I dati sui prestiti diffusi dalla Banca centrale certificano la spaccatura tra partito e sistema del credito. Ad agosto impieghi all’economia reale al di sotto delle attese degli analisti, nonostante i ripetuti appelli del governo ad aumentare i flussi. Intanto la domanda di petrolio del Dragone può tornare indietro di 20 anni…

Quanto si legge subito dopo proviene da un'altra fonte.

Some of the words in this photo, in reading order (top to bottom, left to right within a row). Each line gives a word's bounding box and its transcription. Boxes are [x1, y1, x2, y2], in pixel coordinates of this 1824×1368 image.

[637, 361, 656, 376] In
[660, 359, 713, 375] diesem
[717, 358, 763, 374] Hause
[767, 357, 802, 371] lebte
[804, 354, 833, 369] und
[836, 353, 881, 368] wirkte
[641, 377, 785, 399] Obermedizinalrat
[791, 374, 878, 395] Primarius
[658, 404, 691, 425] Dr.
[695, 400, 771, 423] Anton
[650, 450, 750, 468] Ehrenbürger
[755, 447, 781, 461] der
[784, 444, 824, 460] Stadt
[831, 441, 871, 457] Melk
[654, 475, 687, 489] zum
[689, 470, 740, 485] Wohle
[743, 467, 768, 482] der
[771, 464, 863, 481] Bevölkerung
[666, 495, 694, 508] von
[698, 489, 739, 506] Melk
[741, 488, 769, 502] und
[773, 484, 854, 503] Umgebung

Ora è ufficiale, senza possibilità di fraintendimenti. Le banche cinesi hanno deciso di infischiarsene dei ripetuti inviti del governo a prestare più denaro all’economia, a cominciare dal settore immobiliare, ormai simbolo di debito e scandali. Lo scollamento tra sistema del credito e partito era stato anticipato nelle settimane scorse da questa stessa testata. Ora però ci sono i numeri a mettere nero su bianco la dura verità. Sono mesi che Pechino preme sugli istituti affinché aumentino i flussi di credito all’economia reale, mai così anemica a causa della bolla immobiliare, l’inflazione, il ritorno del Covid e la crisi dei piccoli istituti periferici.
La paura di una stagnazione, peraltro abbastanza giustificata, ha spinto il governo di Xi Jinping a reagire con una sorta di isteria da prestito, sollecitando le banche a fare di più. Peccato che un po’ la crisi dei piccoli istituti di provincia finiti a corto di liquidità dopo aver finanziato per anni il mattone senza essere rimborsati, un po’ la crisi di fiducia tra mondo del credito e società immobiliari, abbiano giocato un brutto scherzo. Le cifre, diffuse dalla Banca centrale cinese (Pboc) sono lì a testimoniarlo.
Il mese scorso i nuovi prestiti delle banche cinesi non sono stati all’altezza delle previsioni: 1,25 trilioni di yuan (180,63 miliardi di dollari) in nuovi prestiti. Uno stock in aumento rispetto a luglio ma ben al di sotto delle aspettative degli analisti, che si aspettavano un’impennata degli impieghi dopo i ripetuti appelli di Pechino. Gli esperti intervistati da Reuters avevano per esempio previsto che i nuovi prestiti sarebbero saliti a 1,48 trilioni di yuan ad agosto, più del doppio dei 679 miliardi di yuan del mese precedente e superiori ai 1,22 trilioni di yuan dello stesso mese dell’anno scorso.
“Nel breve termine, una significativa accelerazione della crescita del credito sembra sempre più improbabile”, ha affermato Capital Economics in una nota. “I prestiti in yuan in essere alla fine di agosto sono aumentati del 10,9% rispetto all’anno precedente, rispetto alla crescita dell’11% del mese precedente, quando gli analisti si aspettavano, proprio per agosto, una crescita dell’11%”. Insomma, le banche vanno per conto loro a quanto pare. Proprio mentre il Dragone sembra riprecipitare nell’incubo Covid.
La prova è nel fatto che la domanda di petrolio della Cina nel 2022 potrebbe ridursi per la prima volta negli ultimi vent’anni dopo la rigida politica Covid-zero di Pechino. La domanda di petrolio nella Repubblica Popolare, il più grande consumatore di energia del mondo, potrebbe contrarsi per la prima volta dagli anni 2000 quest’anno a causa dei lockdown diffusi che riducono di conseguenza il consumo di carburante.